Novel Alkali-Stable, Cellulase-Free Xylanase from Deep-Sea Kocuria sp. Mn22

A novel xylanase gene, Kxyn, was cloned from Kocuria sp. Mn22, a bacteria isolated from the deep sea of the east Pacific. Kxyn consists of 1,170 bp and encodes a protein of 390 amino acids that shows the highest identity (63%) with a xylanase from Thermobifida fusca YX. The mature protein with a molecular mass of approximately 40 kDa was expressed in Escherichia coli BL21 (DE3).

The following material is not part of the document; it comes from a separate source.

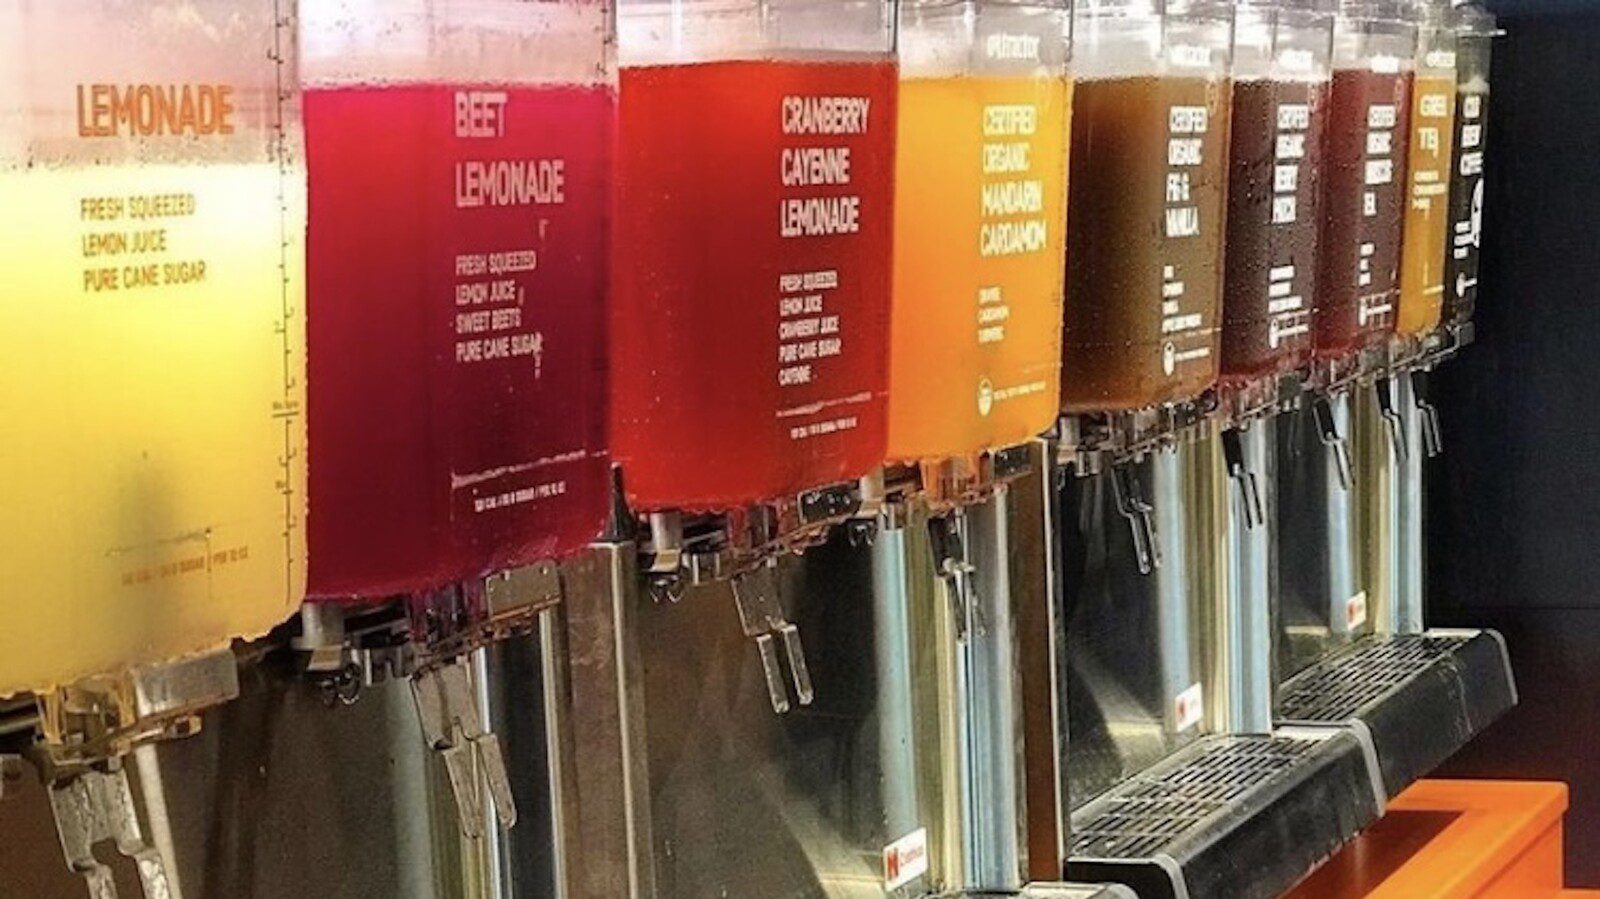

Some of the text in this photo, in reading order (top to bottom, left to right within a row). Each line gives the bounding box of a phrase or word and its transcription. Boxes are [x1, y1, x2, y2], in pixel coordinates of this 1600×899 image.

The recombinant Kxyn displayed its maximum activity at 55°C and at pH 8.5. The K m , V max , and k cat values of Kxyn for birchwood xylan were 5.4 mg/ml, 272 μmol/min·mg, and 185.1/s, respectively. Kxyn hydrolyzed birchwood xylan to produce xylobiose and xylotriose as the predominant products. The activity of Kxyn was not affected by Ca 2+ , Mg 2+ , Na + , K + , β-mercaptoethanol, DTT, or SDS, but was strongly inhibited by Hg 2+ , Cu 2+ , Zn 2+ , and Pb 2+ . It was stable over a wide pH range, retaining more than 80% activity after overnight incubation at pH 7.5―12. Kxyn is a cellulase-free xylanase. Therefore, these properties make it a candidate for various industrial applications.